Last month, District Court Judge Roger Benitez once again ruled in Duncan v. Bonta that California’s “high capacity” magazine ban is unconstitutional. The first time, he made that judgement under Heller. This time, the ruling also took into account Bruen. He issued an injunction blocking enforcement of the law, but stayed it giving the state time to appeal the ruling to the Ninth Circuit.
The Ninth Circuit took the case, of course, and violated its own rules in order to have the case heard by exactly the same en banc judges who overturned Benitez’s ruling the first time the case reached them.
Today, the Ninth stayed Benitez’s injunction to keep Californian’s from exercising any inconvenient Second Amendment rights while they take their sweet time in hearing the case once again and issuing another ruling.
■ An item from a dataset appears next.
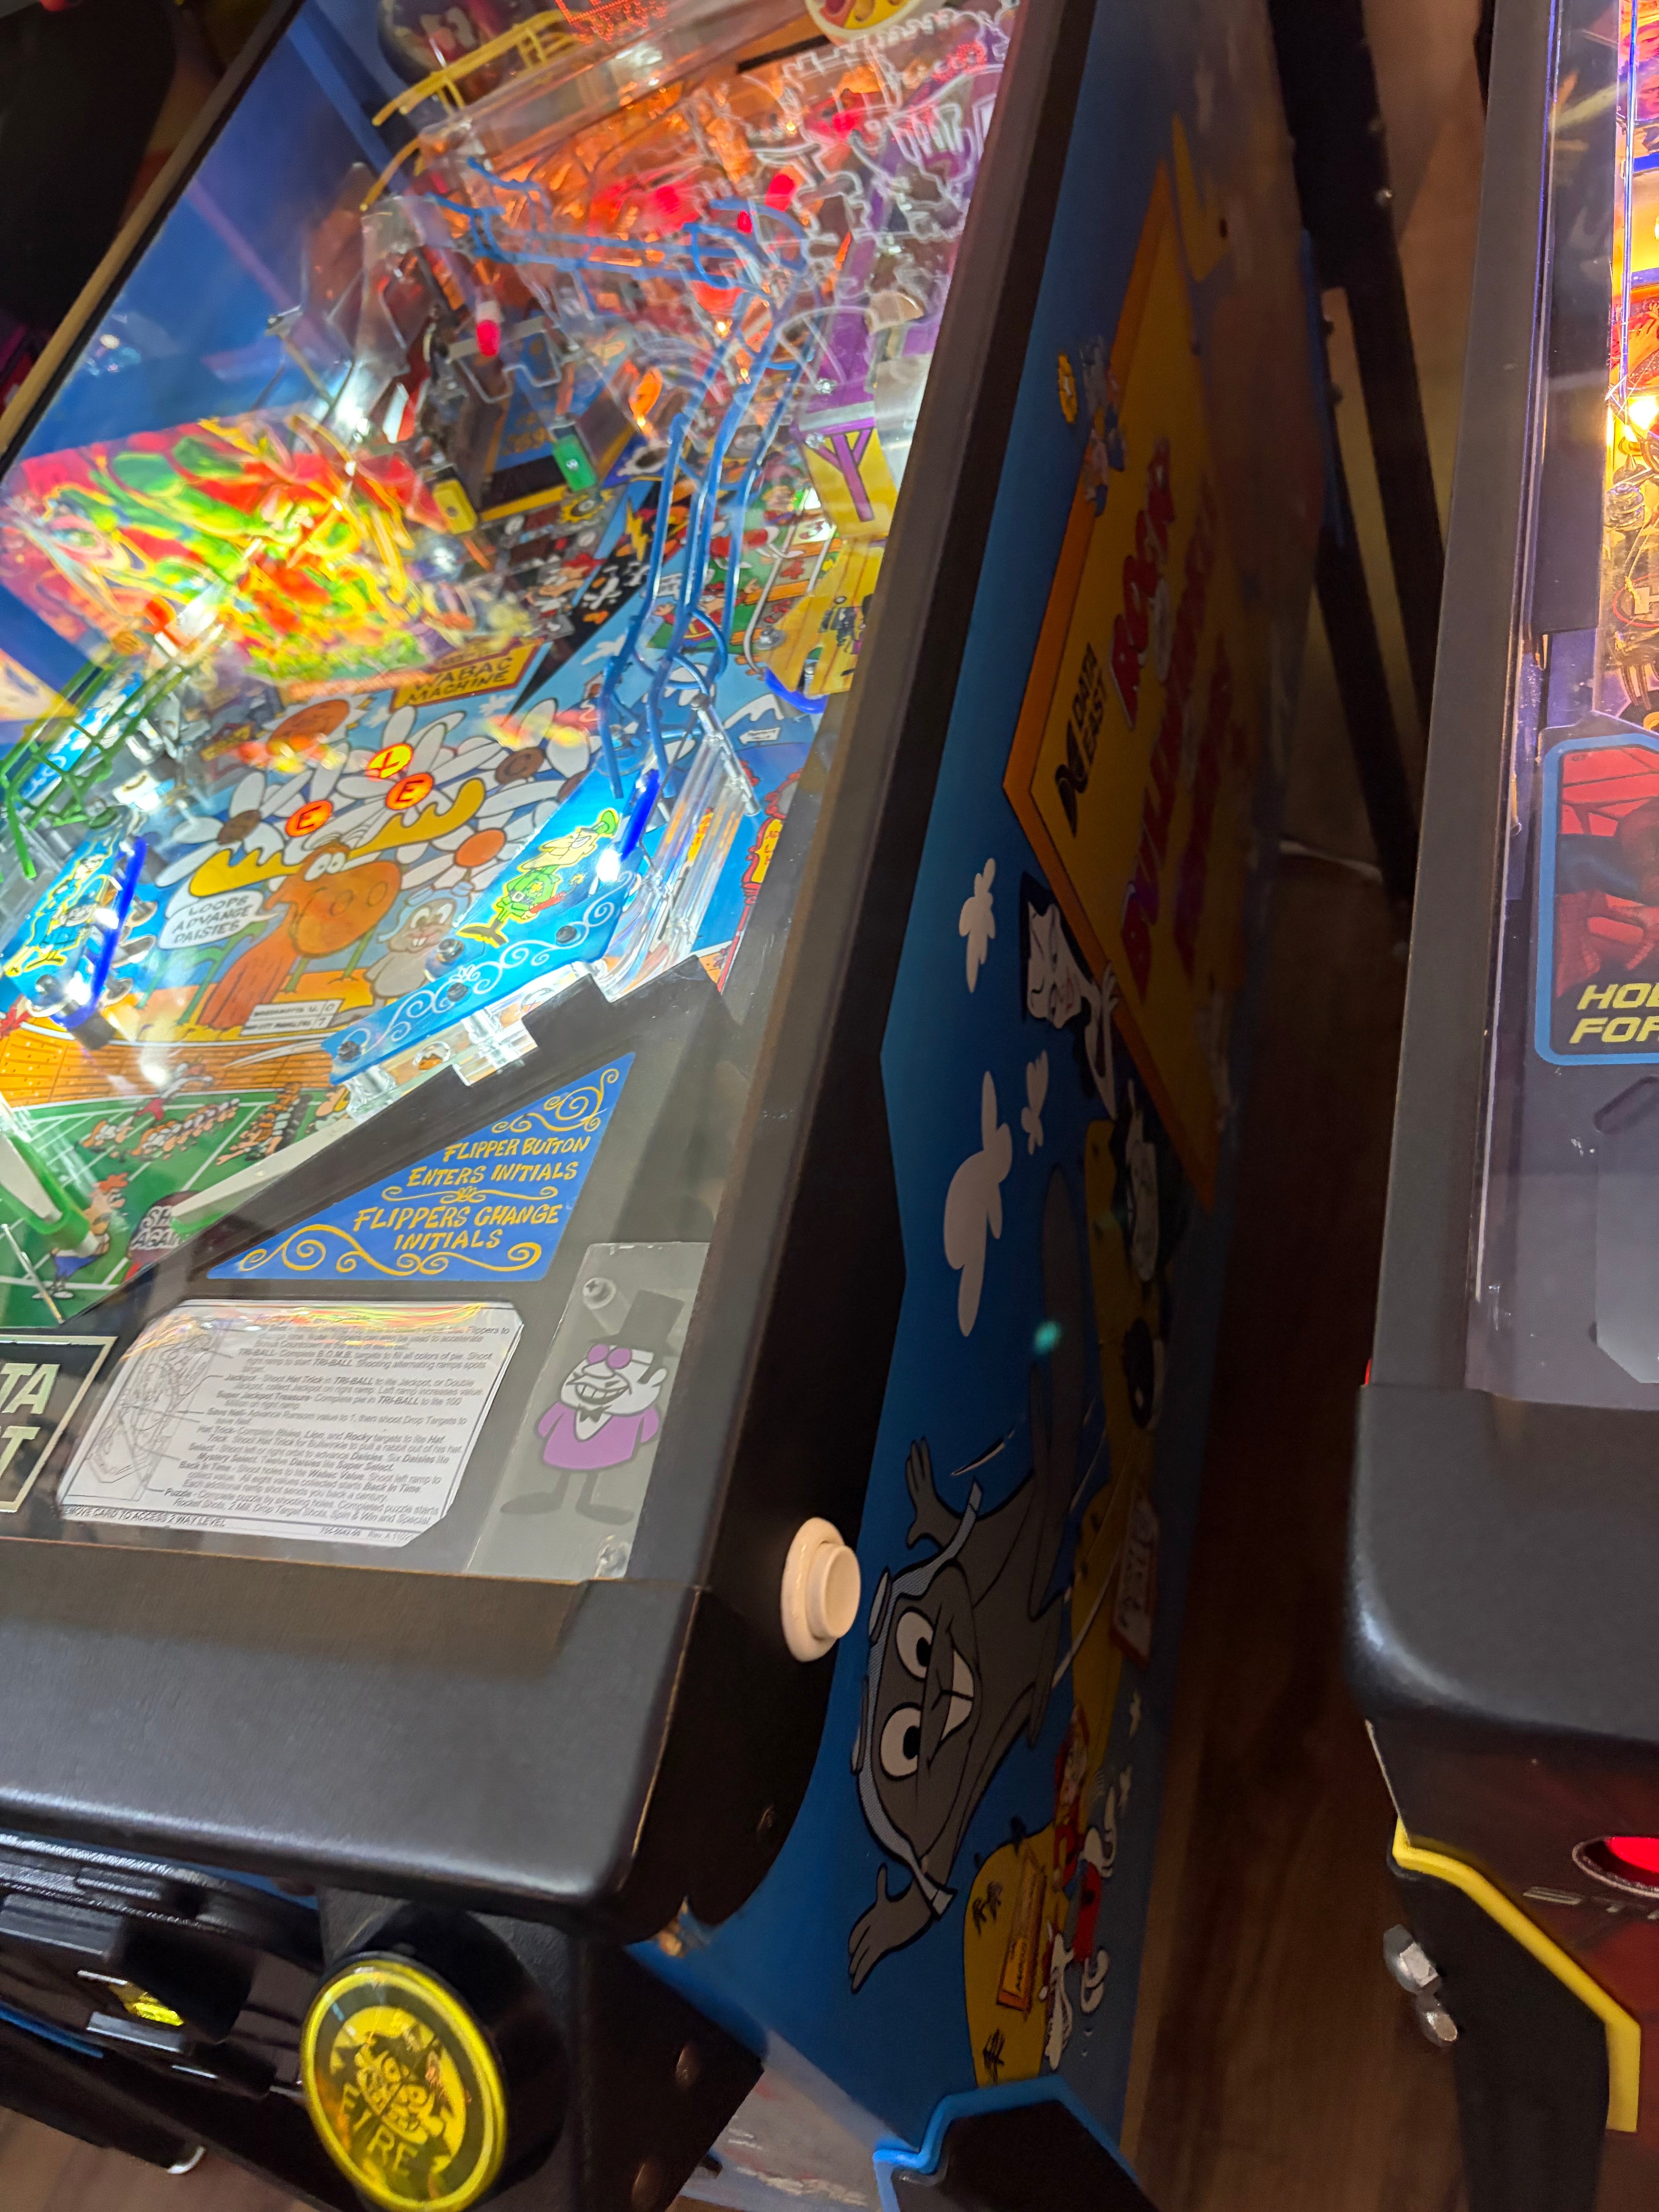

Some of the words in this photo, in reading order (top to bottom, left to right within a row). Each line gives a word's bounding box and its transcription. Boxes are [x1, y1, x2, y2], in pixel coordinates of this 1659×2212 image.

As you can imagine, there was some pointed criticism of the Ninth Circuit’s clear double standard where Second Amendment rights are concerned. None of it more direct that Judge Patrick Bumatay’s . . .
If the protection of the people’s fundamental rights wasn’t such a serious matter, our court’s attitude toward the Second Amendment would be laughably absurd. For years, this court has shot down every Second Amendment challenge to a state regulation of firearms—effectively granting a blank check for governments to restrict firearms in any way they pleased. We got here by concocting a two-part tiers-of-scrutiny test, which permitted judges to interest-balance away the Second Amendment guarantee. But this approach was “nothing more than a judicial sleight of-hand, . . .feign[ing] respect to the right to keep and bear arms” but never enforcing its protection.
Several of us warned that our precedent contradicted the commands of both the Constitution and the Supreme Court. … We cautioned this very panel of the need to jettison our circuit’s ahistorical balancing regime and adhere to an analysis more faithful to the constitutional text and its historical understanding. But our warnings went unheard.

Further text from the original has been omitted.